=== Material provided ===
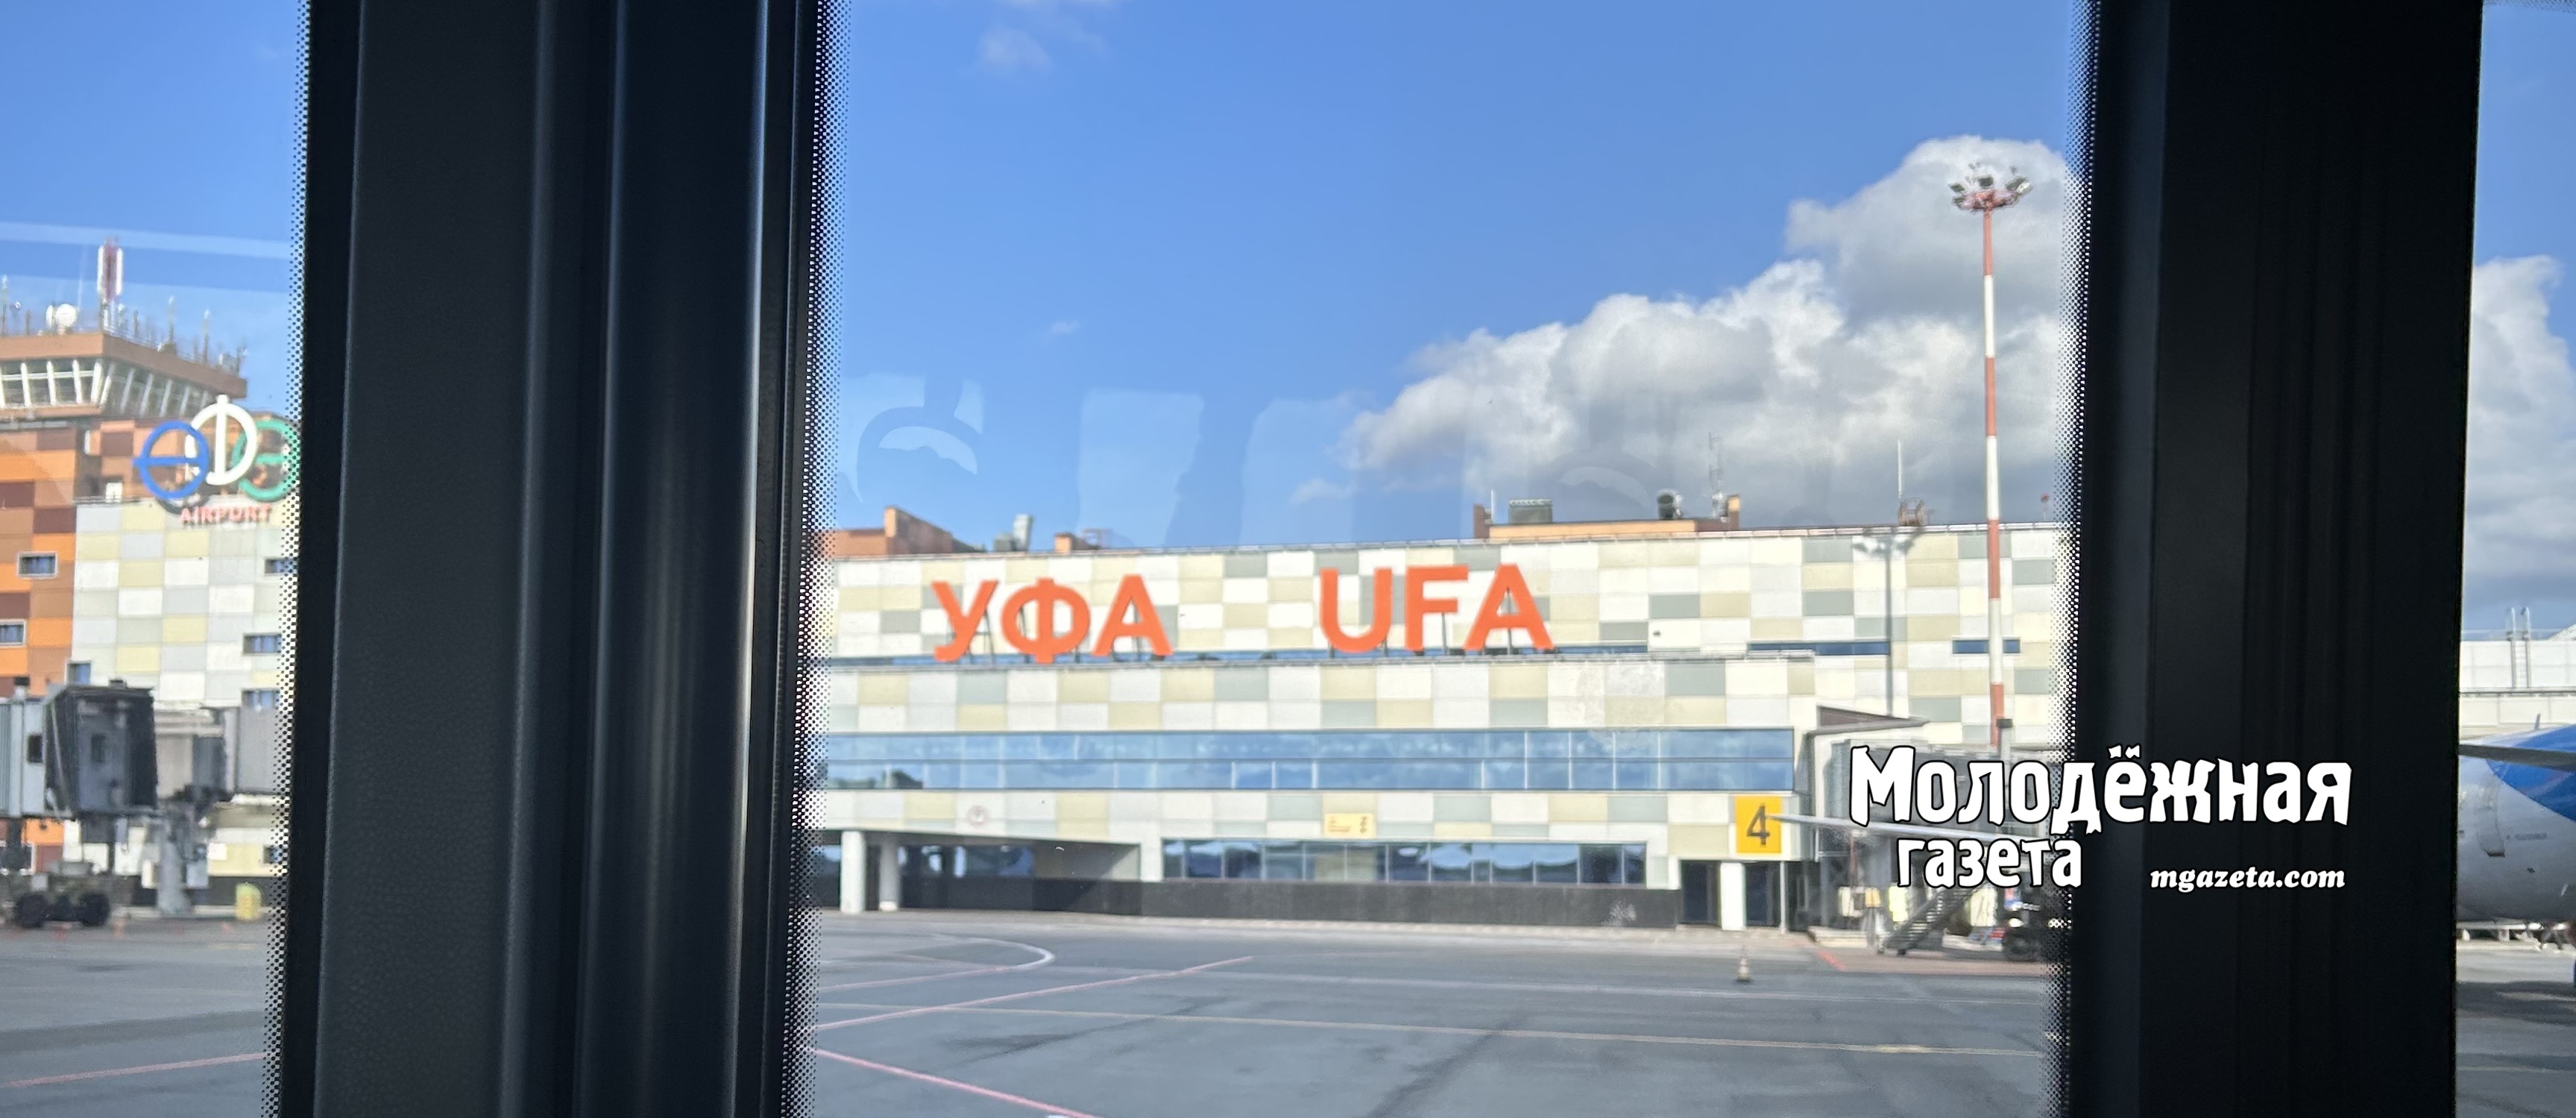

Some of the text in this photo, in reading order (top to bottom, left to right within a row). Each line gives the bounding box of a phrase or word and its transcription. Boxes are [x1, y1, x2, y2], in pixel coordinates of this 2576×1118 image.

[179, 503, 272, 525] AIRPORT
[930, 574, 1174, 665] УФА
[1319, 563, 1555, 654] UFA
[1746, 803, 1771, 847] 4

=== What needs to be done ===
Output each record precisely as it appears, and drop every picture.

=== Output of the task ===
Some of the text in this photo, in reading order (top to bottom, left to right within a row). Each line gives the bounding box of a phrase or word and its transcription. Boxes are [x1, y1, x2, y2], in pixel coordinates of this 2576×1118 image.

[179, 503, 272, 525] AIRPORT
[930, 574, 1174, 665] УФА
[1319, 563, 1555, 654] UFA
[1746, 803, 1771, 847] 4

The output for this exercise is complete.